11122741 - December 10, 2009 at 10:59 am
absolute nonsense and deflection cornwinamber and you should try doing your homework first. There is a long and very, very sorted history of data fabrication for ideological purposes and an a priori social/rewligious agenda in Britian that is over a century old. Try googling Cyril Burt and his fabrication of IQ data for 20 years that took another 20 to detect or reading Stephan J. Gould’s The Mismeasure of Man about the century long fabrication and misrpresentation of data in Britian to support social Darwinian views on saving and perfecting society and returning everything to a “garden of eden state” which is essentially the same arguments and views of these data fabricators. Fabricating data is nothing new or an anomaly in British science and social science and whoever outed them should be given the Nobel in science this year. It is more than disgraceful and failing a moral hazard and was done for extremely base reasons.
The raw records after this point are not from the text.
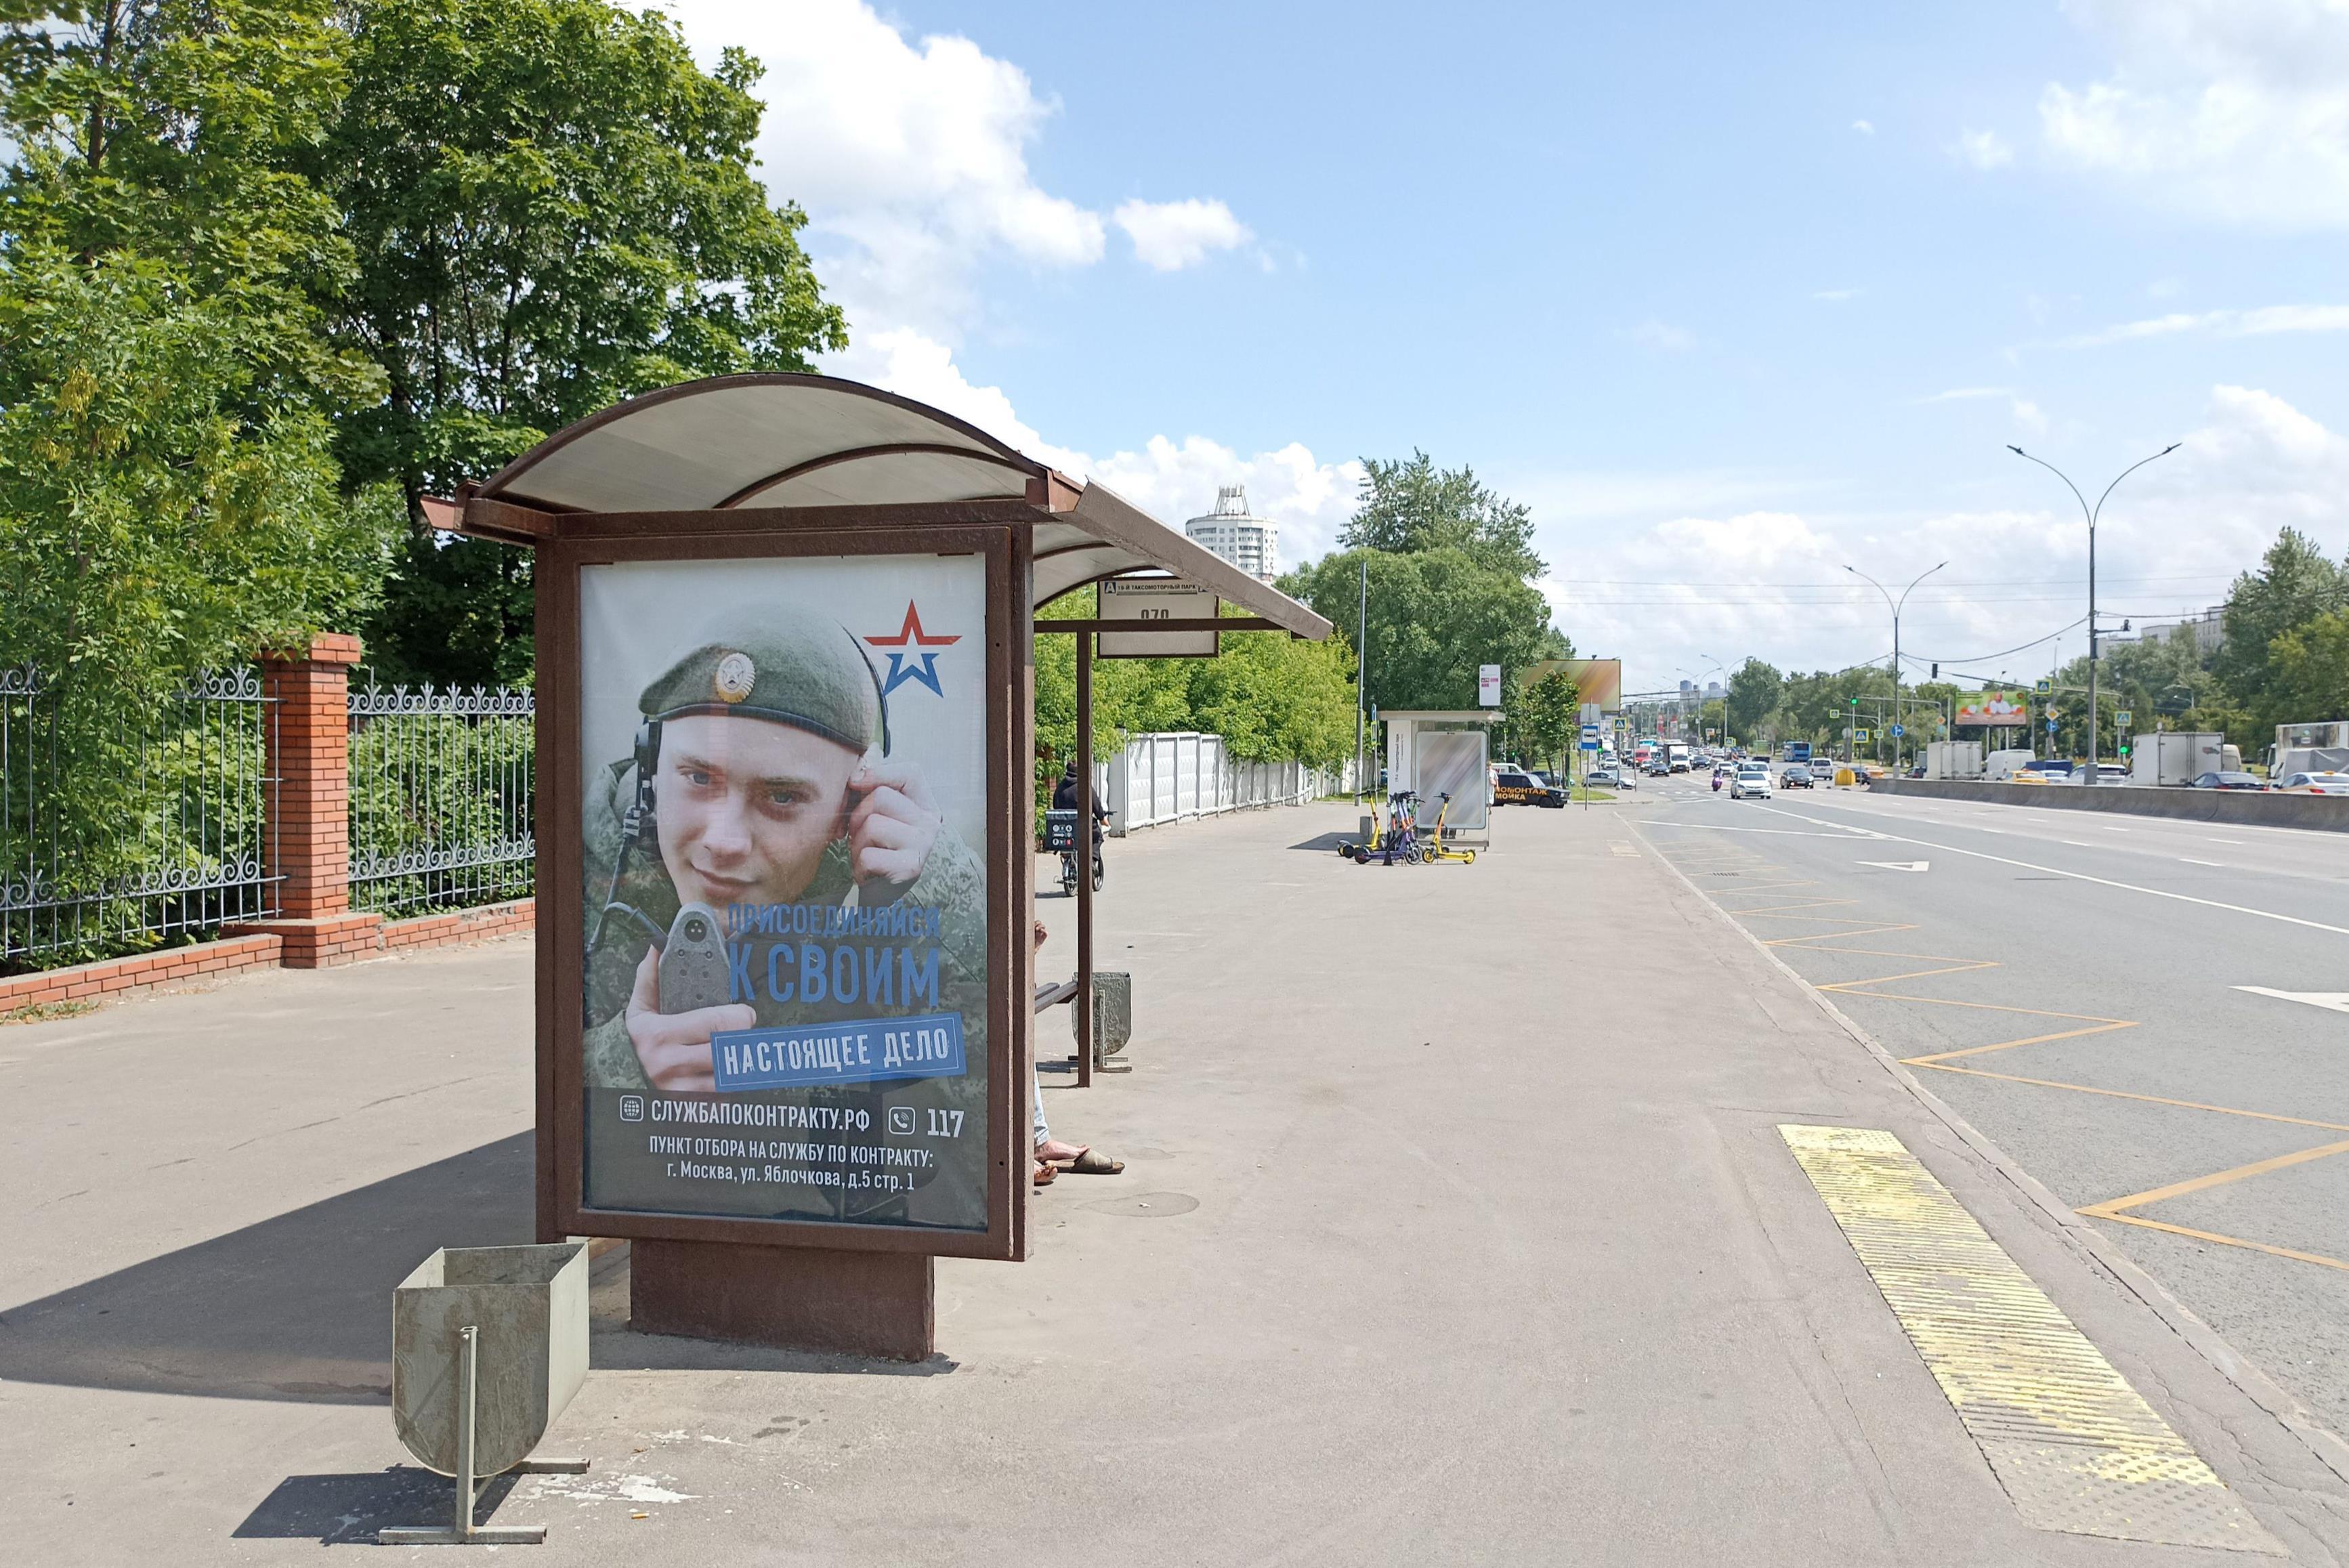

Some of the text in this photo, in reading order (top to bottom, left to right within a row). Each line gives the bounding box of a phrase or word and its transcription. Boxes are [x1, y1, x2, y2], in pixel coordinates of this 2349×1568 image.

[727, 899, 941, 938] ПРИСОЕДИНЯЙСЯ
[727, 942, 940, 1007] К СВОИМ
[723, 1027, 949, 1076] НАСТОЯЩЕЕ ДЕЛО
[652, 1099, 870, 1132] СЛУЖБАПОКОНТРАКТУ.РФ
[927, 1108, 965, 1138] 117
[650, 1135, 933, 1168] ПУНКТ ОТБОРА НА СЛУЖБУ ПО КОНТРАКТУ:
[667, 1160, 914, 1193] г. Москва, ул. Яблочкова, д.5 стр. 1
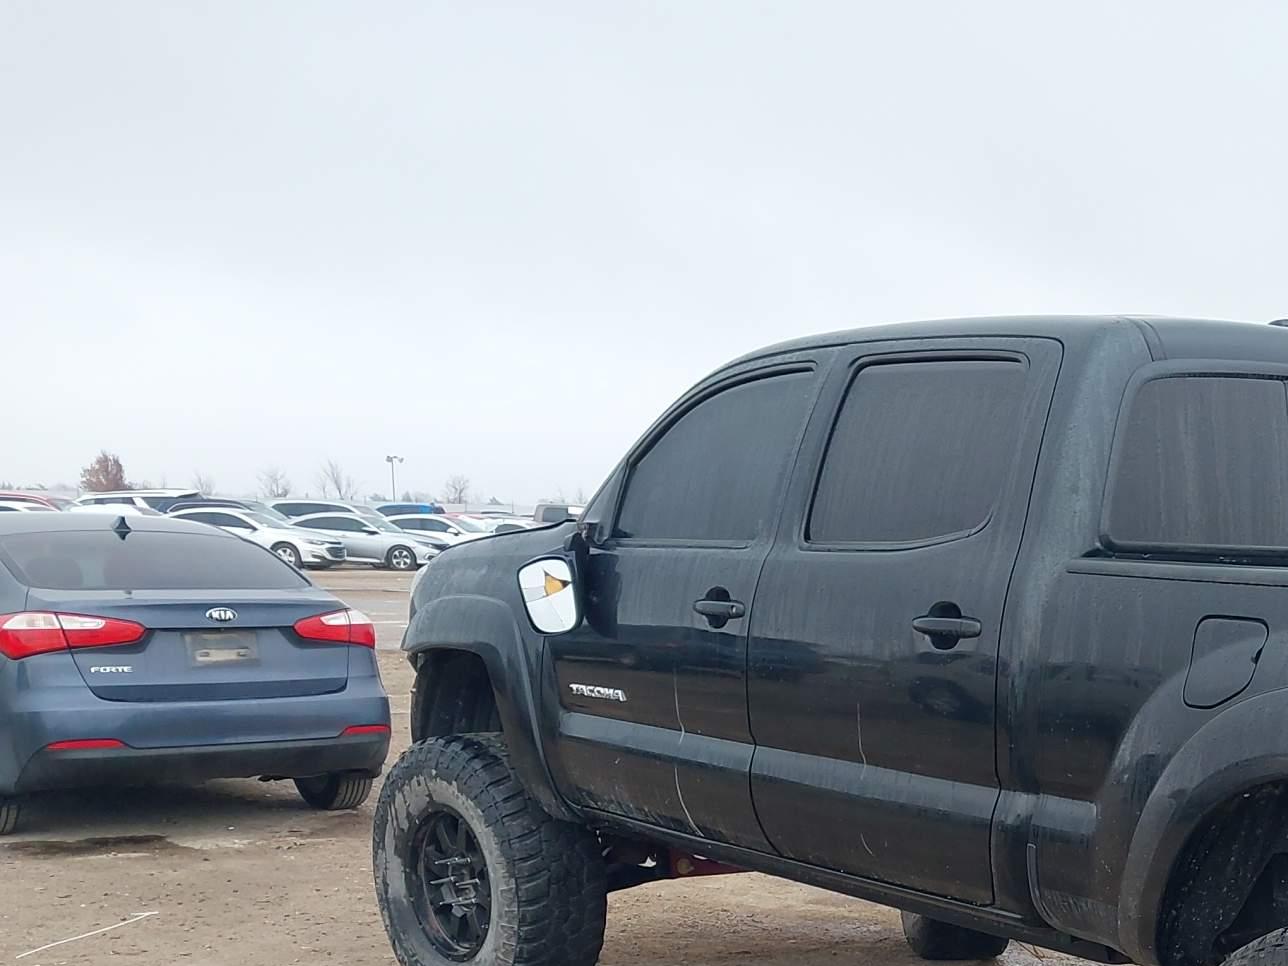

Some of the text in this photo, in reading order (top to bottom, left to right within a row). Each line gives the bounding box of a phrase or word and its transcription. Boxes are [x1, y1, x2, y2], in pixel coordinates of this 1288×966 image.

[210, 610, 234, 621] KIA
[90, 665, 133, 673] FORTE
[569, 683, 628, 702] TACOMA
johntoradze - December 10, 2009 at 12:14 pm
The real story here is who orchestrated this theft of emails to coincide with the conference and special legislation in the USA. Add to that, who is paying for the PR campaign from the demagogue shills. I’ve read those emails. There is no story. It’s all a PR game. I want to know why no journalist(s) are going after the real story.
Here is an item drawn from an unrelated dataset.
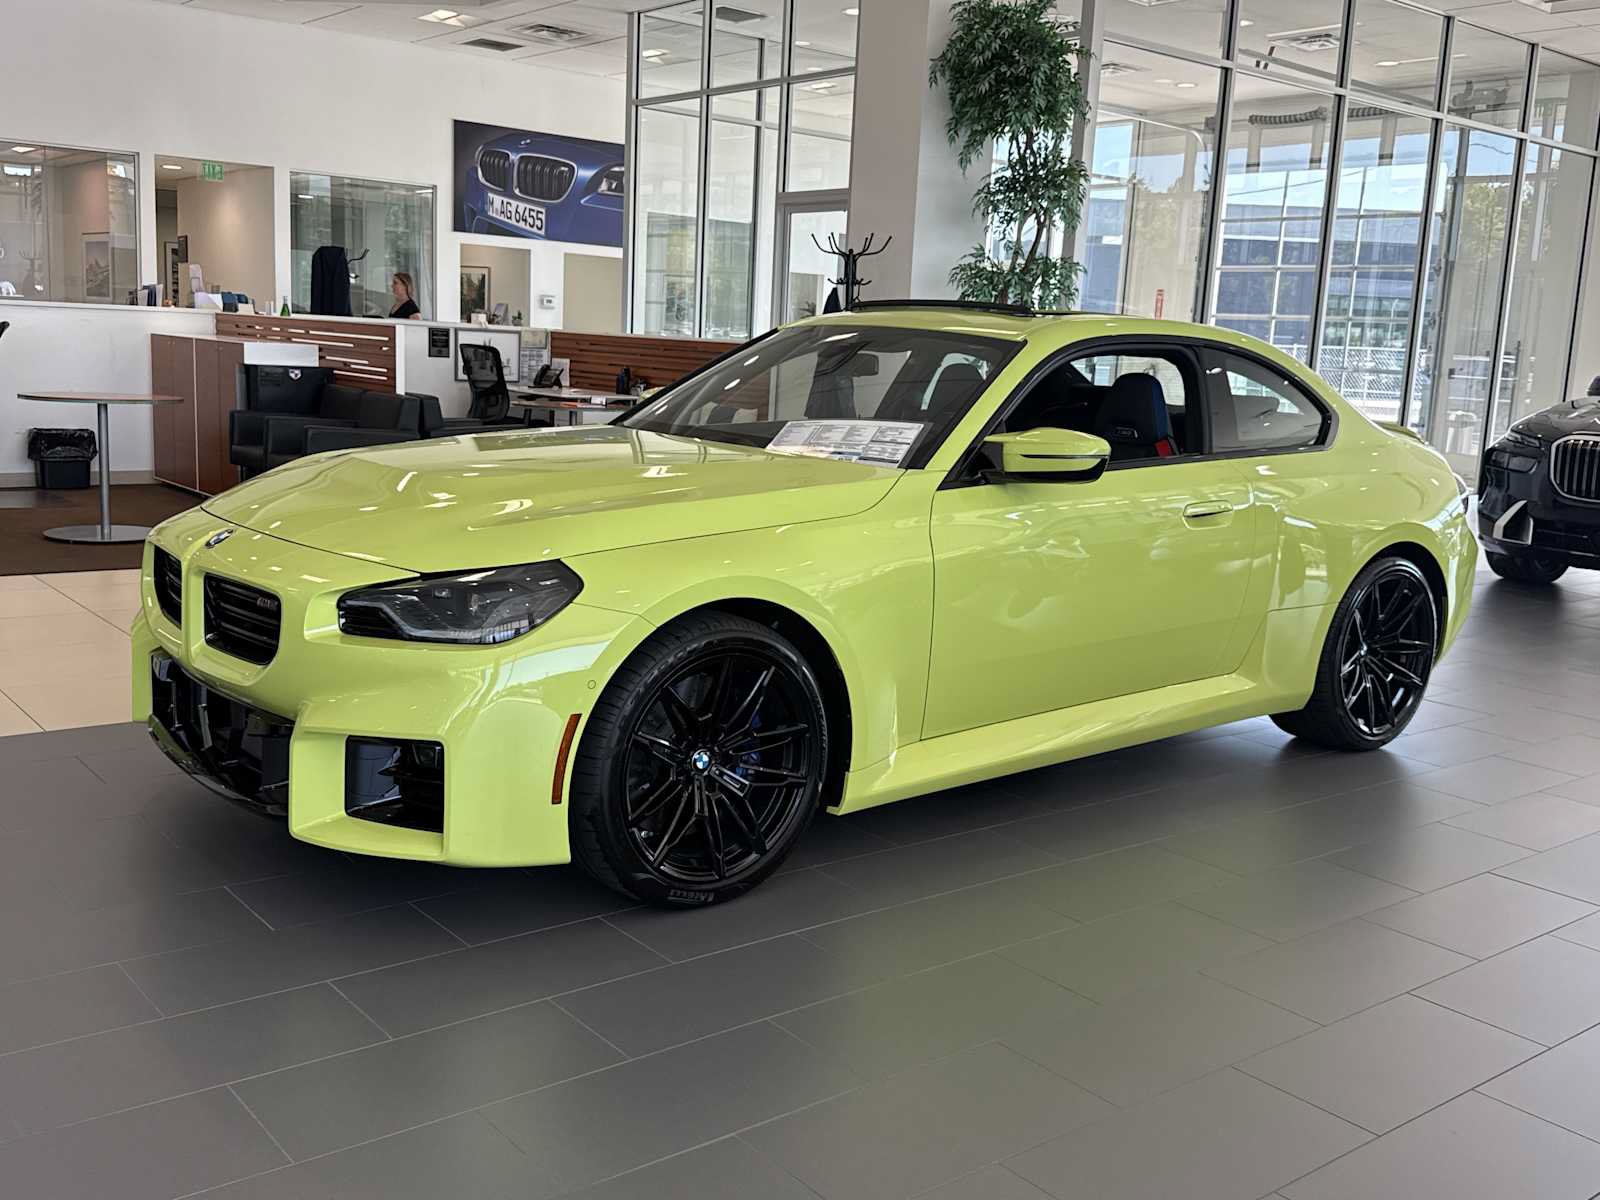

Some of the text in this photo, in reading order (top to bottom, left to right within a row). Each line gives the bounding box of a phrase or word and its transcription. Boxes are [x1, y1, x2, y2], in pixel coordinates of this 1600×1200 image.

[487, 196, 544, 231] M AG 6455
jaysanderson - December 11, 2009 at 12:02 pm
One of my students, today, snitched on the student cheating on my final exam. I confirmed the cheating and sent the cheater packing with an F. To snitch or not to snitch is an individual decision, but cheating is an academic offense and isn’t tolerated in my corner of the academic world.The real story, johntoradze, is academic dishonesty committed by two formerly very influential faux scientists. They sought and found funding, influence and power by dishonest means. In doing so, they diminished-however slightly-our profession. This is intolerable and we must hold them accountable. Death threats are silly, but dismissal from their positions are appropriate. I’ve read the emails as well, and they clearly intended to deceive and to destroy the data rather than get caught. Their dishonesty has called into question a huge body of legitimate climate research. That isn’t the hacker’s fault, it’s the fault of the cheating, data-fakers.